Washington v. Stewart, Zlimen, & Jungers, LTD.
0:19-cv-00717
D. MinnesotaAug 26, 2019Background
- Plaintiffs JaRonda Washington and Nicole Smith separately sued debt collector Stewart, Zlimen & Jungers, Ltd. (SZJ) under the FDCPA based on conciliation-court statements of claim SZJ filed on behalf of LVNV Funding, LLC.
- SZJ’s statements sought principal amounts plus an $85 filing fee and “plus disbursements.” Plaintiffs allege those references were false and made in bad faith because no recoverable disbursements could realistically be incurred.
- Plaintiffs also allege SZJ violated a Ramsey County 2016 Amended Standing Order requiring parties to present documentation proving assignment/ownership of the debt; SZJ produced only a redacted computer printout and the conciliation court entered judgments for Plaintiffs for failure to show the particular debt was included in an assignment.
- Plaintiffs brought claims under 15 U.S.C. §§ 1692e and 1692f; SZJ moved to dismiss both complaints under Rule 12(b)(6).

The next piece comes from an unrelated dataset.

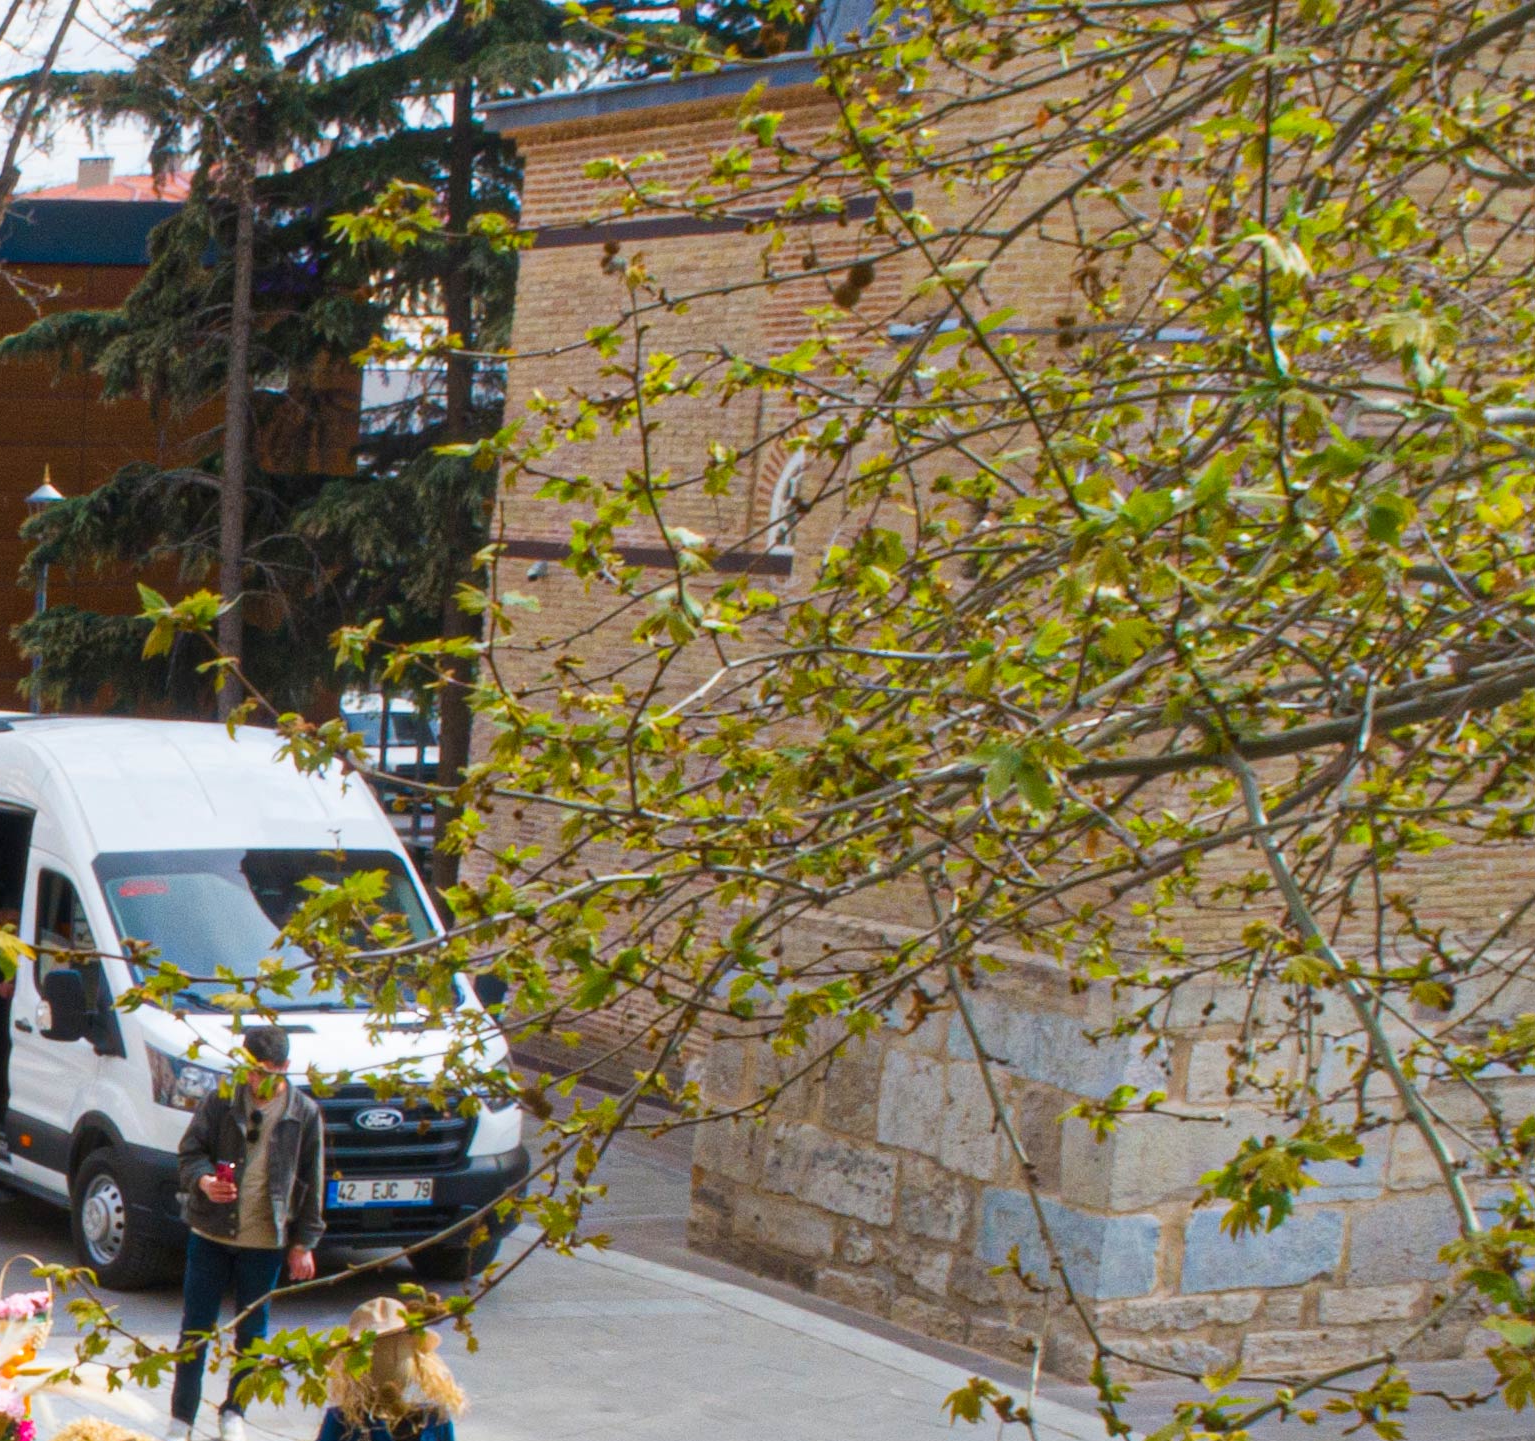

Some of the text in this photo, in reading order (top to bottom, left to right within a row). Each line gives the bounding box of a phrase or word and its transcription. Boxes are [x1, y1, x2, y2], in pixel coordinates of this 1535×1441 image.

[337, 1181, 431, 1201] 42 EJC 79
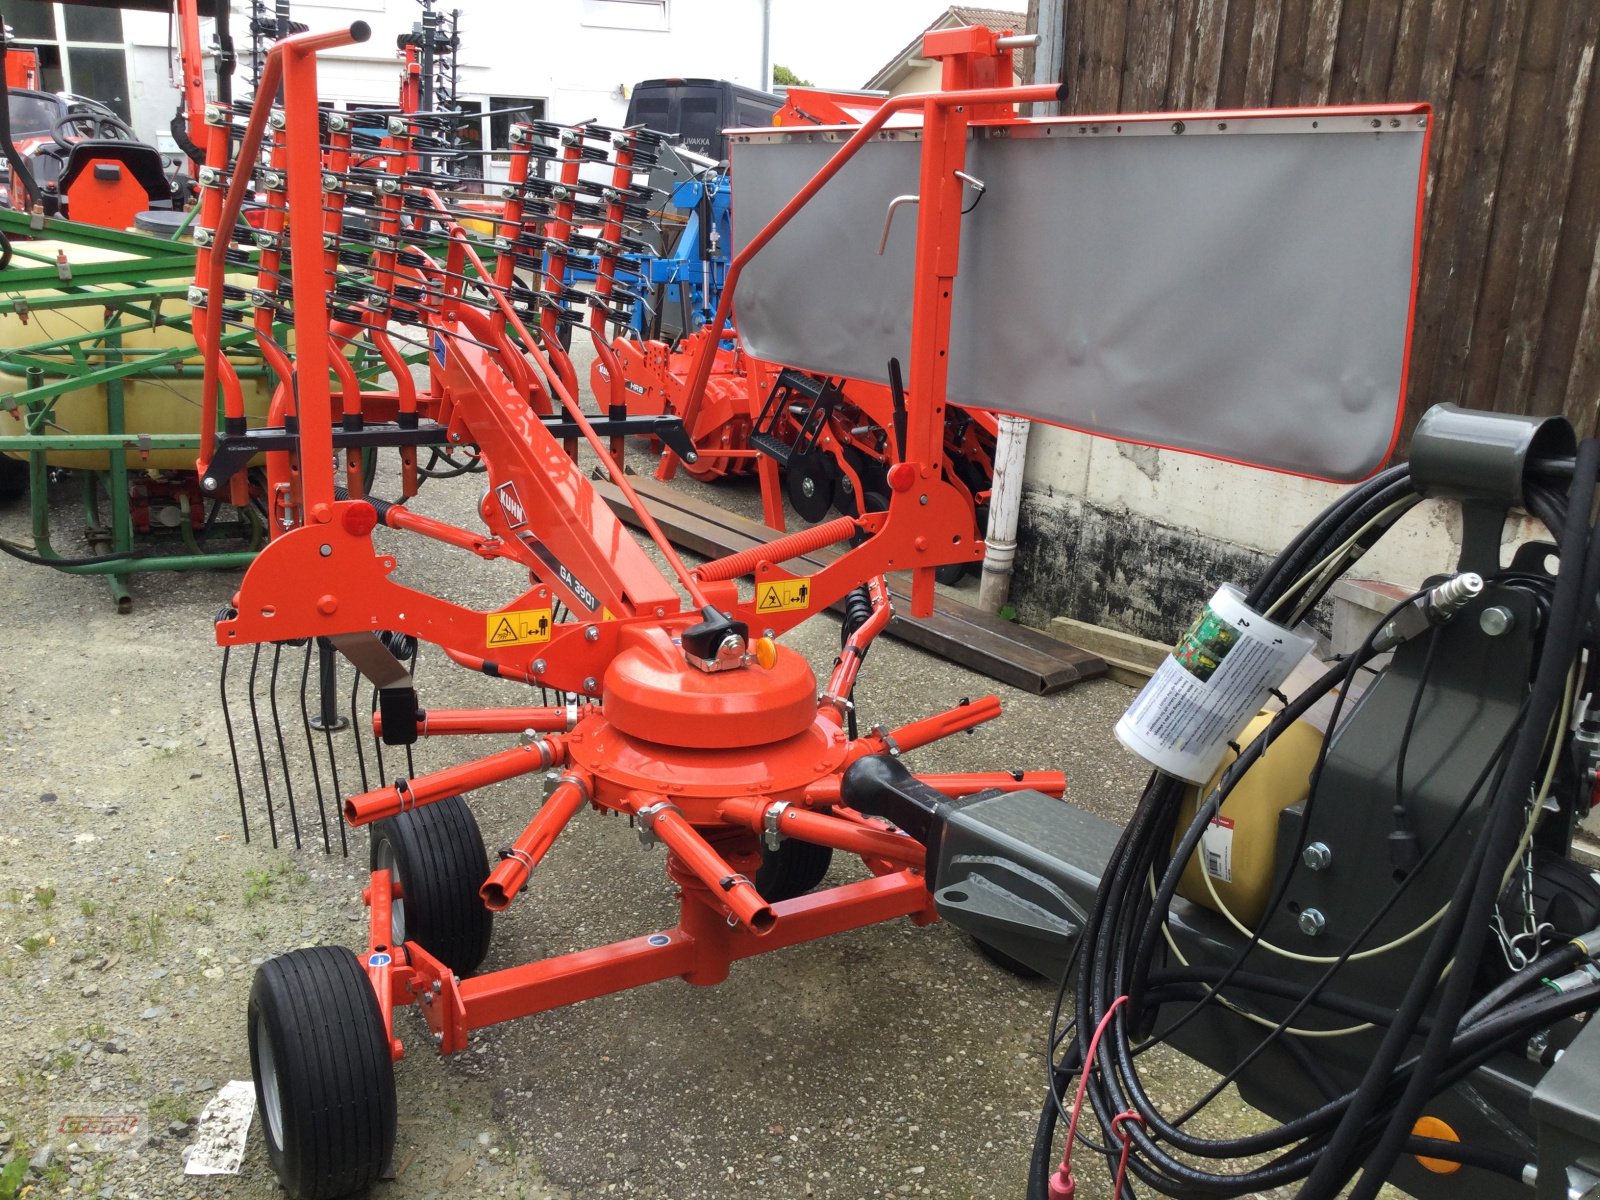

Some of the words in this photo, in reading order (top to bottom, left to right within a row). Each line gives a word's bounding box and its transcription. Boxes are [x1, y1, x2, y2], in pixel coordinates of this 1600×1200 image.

- The district court concluded Plaintiffs failed to plead plausible FDCPA claims and granted SZJ’s motions to dismiss in both cases.
Issues
| Issue | Plaintiff's Argument | Defendant's Argument | Held |
|---|---|---|---|
| Whether stating "plus disbursements" in the prayer/statement of claim violated § 1692e as false or deceptive | The disbursements claim was false and made in bad faith because no recoverable disbursements were possible and SZJ never intended to seek them | A prayer for relief (including disbursements) is a permissible good-faith request; Plaintiffs’ bad-faith allegation is conclusory and insufficient | Court: No plausible § 1692e claim; prayer-for-relief language ordinarily not actionable absent plausible bad-faith allegations |
| Whether failing to present documentation required by the 2016 Standing Order constituted an unfair or unconscionable means to collect in violation of § 1692f(1) | The Standing Order converted SZJ’s failure to produce assignment proof into an FDCPA violation | Compliance with a local rule or order does not automatically create an FDCPA claim; bringing suit that later fails does not alone violate FDCPA | Court: Alleged violation of the Standing Order does not plausibly state a § 1692f claim; FDCPA not a federal enforcement vehicle for every state or local rule violation |
Key Cases Cited
- Haney v. Portfolio Recovery Assocs., L.L.C., 895 F.3d 974 (8th Cir. 2018) (prayer-for-relief statements to a court generally not FDCPA violations absent bad faith)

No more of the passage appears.